Early in my own recovery, the words repent and atone were off-putting. They raised ghosts of my Catholic past; the claustrophobia of kneeling in a dark confessional, wriggling with guilt. But holding the words repent and atone in meditation has unveiled their deeper meaning, like a series of nested Russian dolls, revealing delight after delight.

Step Eight invites us to strip off the armor of our denial, and to let go of rationalizing, justifying or blaming others for our actions. To stop nursing thoughts such as, "Well, you should have seen what they did." If we continue to hide from our shadow, defending our unskillful acts, we stay trapped. We remain shameful, alone and unforgiven.

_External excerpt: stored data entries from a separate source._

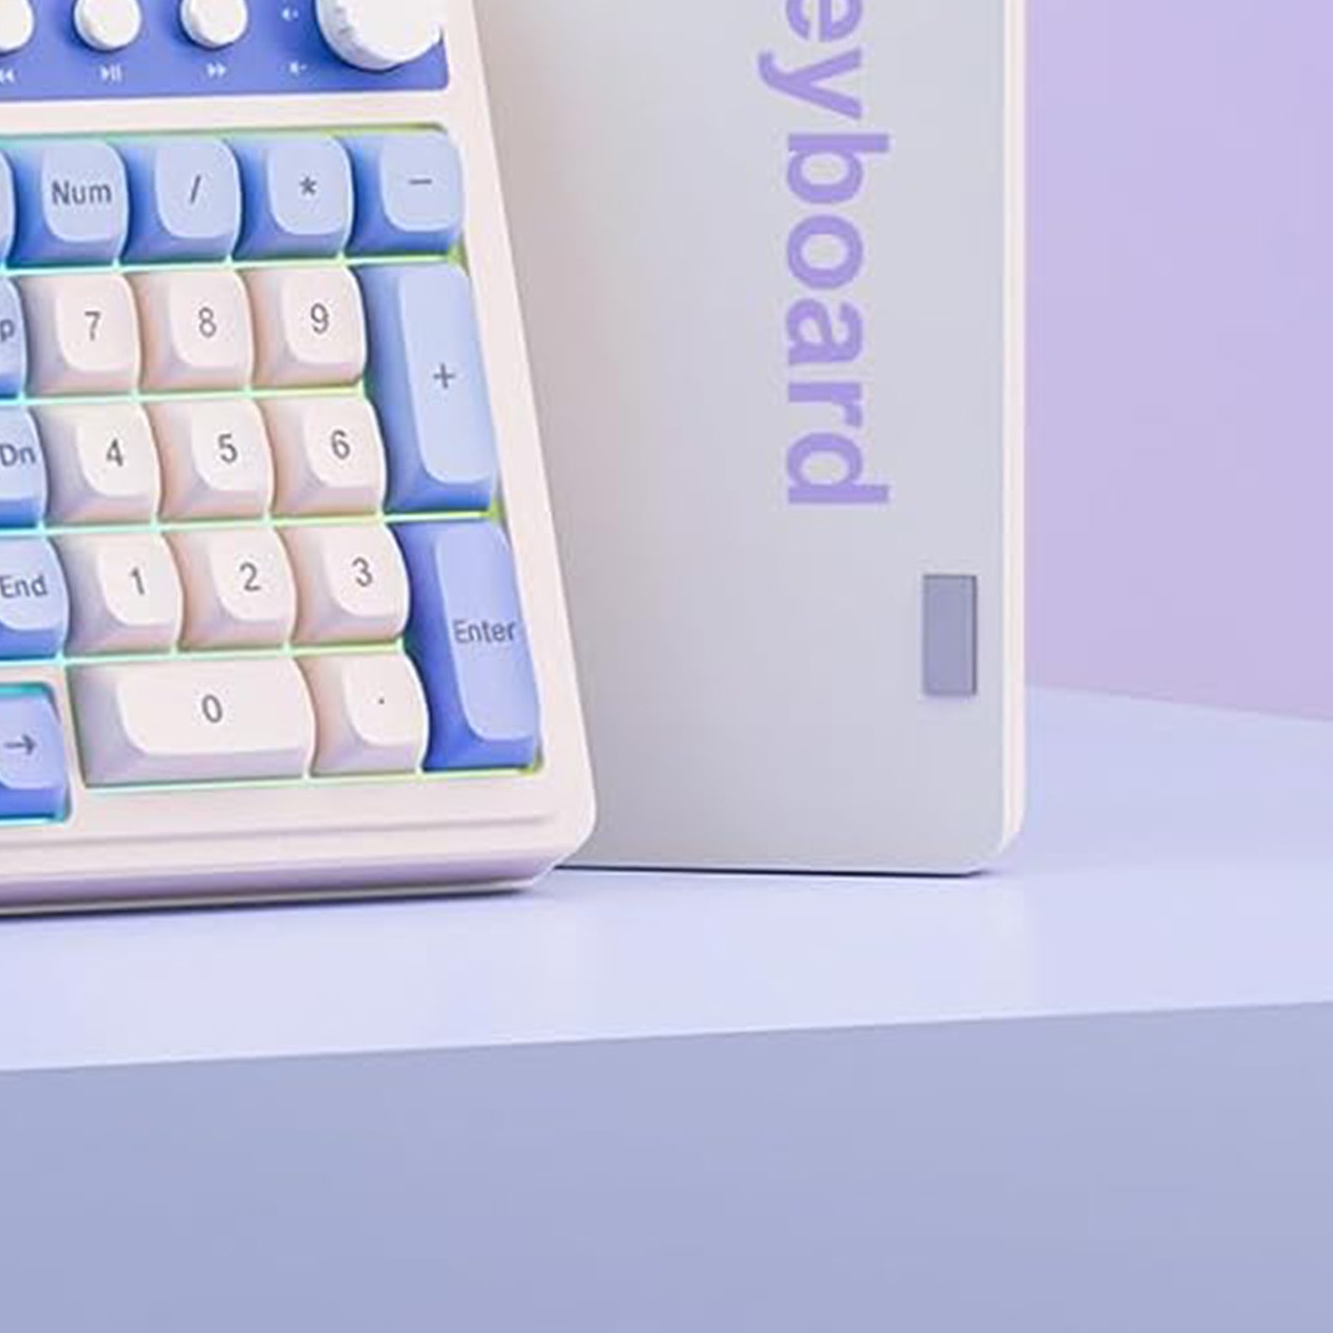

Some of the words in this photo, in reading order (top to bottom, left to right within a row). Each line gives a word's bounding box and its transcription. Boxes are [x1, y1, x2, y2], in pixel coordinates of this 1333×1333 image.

[52, 181, 111, 205] Num
[190, 175, 201, 203] /
[85, 311, 100, 340] 7
[199, 307, 216, 338] 8
[311, 303, 329, 334] 9
[107, 439, 123, 466] 4
[218, 434, 237, 463] 5
[331, 430, 350, 459] 6
[131, 568, 144, 594] 1
[240, 562, 261, 591] 2
[352, 557, 373, 587] 3
[453, 620, 515, 644] Enter
[202, 695, 222, 723] 0
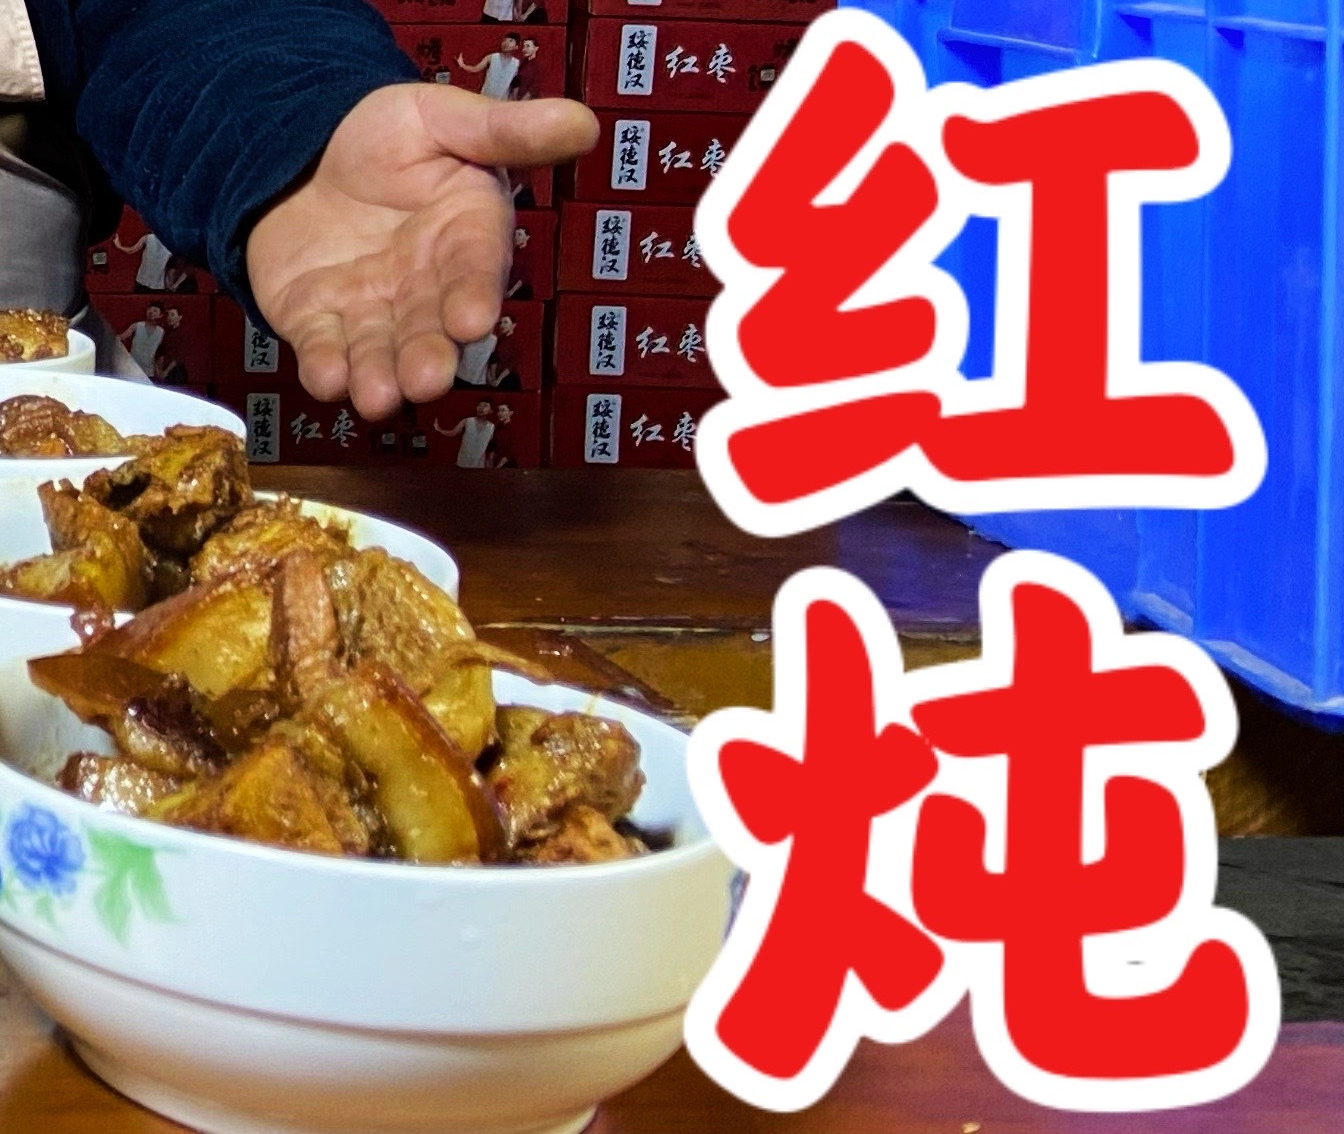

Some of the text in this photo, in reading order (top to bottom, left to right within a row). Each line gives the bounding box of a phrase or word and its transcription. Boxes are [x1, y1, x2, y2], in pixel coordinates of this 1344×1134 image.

[665, 43, 737, 84] 红枣
[658, 138, 726, 177] 红枣
[635, 323, 706, 363] 红枣
[290, 408, 358, 448] 红枣
[629, 411, 699, 451] 红枣

When we make a list of all the people we have harmed, we see that we are just like our fellow humans. We have no ground for feeling uppity or deeming ourselves superior. The more honest we become, the more compassion we are able to feel.

On the other hand, we don’t want to get mired down in too much remorse. Being preoccupied with our faults, continually evaluating our behaviors or ruthlessly criticizing our mistakes eats up our attention. Anxious or depressed feelings dominate our emotional landscape.

What we need is just the right amount of remorse to be transformative. If we can feel sorrow for the hurts we have caused and—in the same breath—accept ourselves the way we are, then our remorse inspires change.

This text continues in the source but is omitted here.